- [Goal of the exercise] The entries follow. Please return all of them exactly.

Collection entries

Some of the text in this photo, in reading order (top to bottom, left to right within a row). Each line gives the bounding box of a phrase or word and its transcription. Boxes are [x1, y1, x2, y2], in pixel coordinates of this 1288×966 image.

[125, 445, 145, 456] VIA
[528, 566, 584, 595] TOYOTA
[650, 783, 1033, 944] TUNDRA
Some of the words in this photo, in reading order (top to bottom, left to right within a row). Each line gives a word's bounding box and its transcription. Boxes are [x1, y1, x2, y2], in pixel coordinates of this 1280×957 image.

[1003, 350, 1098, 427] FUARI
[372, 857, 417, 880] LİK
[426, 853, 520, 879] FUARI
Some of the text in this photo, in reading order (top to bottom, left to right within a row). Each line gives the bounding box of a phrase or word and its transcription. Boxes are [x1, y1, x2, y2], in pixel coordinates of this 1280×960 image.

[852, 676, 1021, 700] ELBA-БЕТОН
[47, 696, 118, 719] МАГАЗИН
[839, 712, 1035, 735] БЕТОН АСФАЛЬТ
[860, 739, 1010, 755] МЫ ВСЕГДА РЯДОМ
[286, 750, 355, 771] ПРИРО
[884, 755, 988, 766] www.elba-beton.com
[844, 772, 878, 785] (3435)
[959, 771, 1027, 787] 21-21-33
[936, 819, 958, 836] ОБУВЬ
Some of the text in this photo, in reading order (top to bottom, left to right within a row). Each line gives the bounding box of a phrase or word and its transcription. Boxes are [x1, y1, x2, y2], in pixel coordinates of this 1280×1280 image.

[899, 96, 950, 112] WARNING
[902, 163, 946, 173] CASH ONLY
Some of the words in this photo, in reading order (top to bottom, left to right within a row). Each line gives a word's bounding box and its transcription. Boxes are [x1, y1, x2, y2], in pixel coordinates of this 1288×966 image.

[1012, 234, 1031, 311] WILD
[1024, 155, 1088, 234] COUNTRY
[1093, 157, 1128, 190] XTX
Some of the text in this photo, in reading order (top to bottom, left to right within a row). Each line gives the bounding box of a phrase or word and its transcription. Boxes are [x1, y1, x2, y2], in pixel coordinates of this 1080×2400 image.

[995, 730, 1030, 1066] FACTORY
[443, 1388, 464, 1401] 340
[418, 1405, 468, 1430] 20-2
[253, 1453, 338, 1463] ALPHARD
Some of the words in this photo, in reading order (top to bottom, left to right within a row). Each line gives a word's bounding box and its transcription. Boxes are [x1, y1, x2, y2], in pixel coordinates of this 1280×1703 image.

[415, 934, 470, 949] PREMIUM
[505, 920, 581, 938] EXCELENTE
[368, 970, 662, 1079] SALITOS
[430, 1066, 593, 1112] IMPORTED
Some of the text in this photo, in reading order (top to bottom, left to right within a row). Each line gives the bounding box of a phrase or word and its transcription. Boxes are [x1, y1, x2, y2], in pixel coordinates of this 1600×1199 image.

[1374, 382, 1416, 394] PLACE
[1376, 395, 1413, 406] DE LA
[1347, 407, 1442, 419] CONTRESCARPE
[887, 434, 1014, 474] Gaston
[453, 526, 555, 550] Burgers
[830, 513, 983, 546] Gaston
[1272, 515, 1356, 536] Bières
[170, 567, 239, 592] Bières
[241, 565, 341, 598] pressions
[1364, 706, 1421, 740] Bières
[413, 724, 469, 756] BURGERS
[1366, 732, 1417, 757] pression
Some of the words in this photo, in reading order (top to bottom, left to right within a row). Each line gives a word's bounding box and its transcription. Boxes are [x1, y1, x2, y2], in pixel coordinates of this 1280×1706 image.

- [Response area]
Some of the text in this photo, in reading order (top to bottom, left to right within a row). Each line gives the bounding box of a phrase or word and its transcription. Boxes are [x1, y1, x2, y2], in pixel coordinates of this 1288×966 image.

[125, 445, 145, 456] VIA
[528, 566, 584, 595] TOYOTA
[650, 783, 1033, 944] TUNDRA
Some of the words in this photo, in reading order (top to bottom, left to right within a row). Each line gives a word's bounding box and its transcription. Boxes are [x1, y1, x2, y2], in pixel coordinates of this 1280×957 image.

[1003, 350, 1098, 427] FUARI
[372, 857, 417, 880] LİK
[426, 853, 520, 879] FUARI
Some of the text in this photo, in reading order (top to bottom, left to right within a row). Each line gives the bounding box of a phrase or word and its transcription. Boxes are [x1, y1, x2, y2], in pixel coordinates of this 1280×960 image.

[852, 676, 1021, 700] ELBA-БЕТОН
[47, 696, 118, 719] МАГАЗИН
[839, 712, 1035, 735] БЕТОН АСФАЛЬТ
[860, 739, 1010, 755] МЫ ВСЕГДА РЯДОМ
[286, 750, 355, 771] ПРИРО
[884, 755, 988, 766] www.elba-beton.com
[844, 772, 878, 785] (3435)
[959, 771, 1027, 787] 21-21-33
[936, 819, 958, 836] ОБУВЬ
Some of the text in this photo, in reading order (top to bottom, left to right within a row). Each line gives the bounding box of a phrase or word and its transcription. Boxes are [x1, y1, x2, y2], in pixel coordinates of this 1280×1280 image.

[899, 96, 950, 112] WARNING
[902, 163, 946, 173] CASH ONLY
Some of the words in this photo, in reading order (top to bottom, left to right within a row). Each line gives a word's bounding box and its transcription. Boxes are [x1, y1, x2, y2], in pixel coordinates of this 1288×966 image.

[1012, 234, 1031, 311] WILD
[1024, 155, 1088, 234] COUNTRY
[1093, 157, 1128, 190] XTX
Some of the text in this photo, in reading order (top to bottom, left to right within a row). Each line gives the bounding box of a phrase or word and its transcription. Boxes are [x1, y1, x2, y2], in pixel coordinates of this 1080×2400 image.

[995, 730, 1030, 1066] FACTORY
[443, 1388, 464, 1401] 340
[418, 1405, 468, 1430] 20-2
[253, 1453, 338, 1463] ALPHARD
Some of the words in this photo, in reading order (top to bottom, left to right within a row). Each line gives a word's bounding box and its transcription. Boxes are [x1, y1, x2, y2], in pixel coordinates of this 1280×1703 image.

[415, 934, 470, 949] PREMIUM
[505, 920, 581, 938] EXCELENTE
[368, 970, 662, 1079] SALITOS
[430, 1066, 593, 1112] IMPORTED
Some of the text in this photo, in reading order (top to bottom, left to right within a row). Each line gives the bounding box of a phrase or word and its transcription. Boxes are [x1, y1, x2, y2], in pixel coordinates of this 1600×1199 image.

[1374, 382, 1416, 394] PLACE
[1376, 395, 1413, 406] DE LA
[1347, 407, 1442, 419] CONTRESCARPE
[887, 434, 1014, 474] Gaston
[453, 526, 555, 550] Burgers
[830, 513, 983, 546] Gaston
[1272, 515, 1356, 536] Bières
[170, 567, 239, 592] Bières
[241, 565, 341, 598] pressions
[1364, 706, 1421, 740] Bières
[413, 724, 469, 756] BURGERS
[1366, 732, 1417, 757] pression
Some of the words in this photo, in reading order (top to bottom, left to right within a row). Each line gives a word's bounding box and its transcription. Boxes are [x1, y1, x2, y2], in pixel coordinates of this 1280×1706 image.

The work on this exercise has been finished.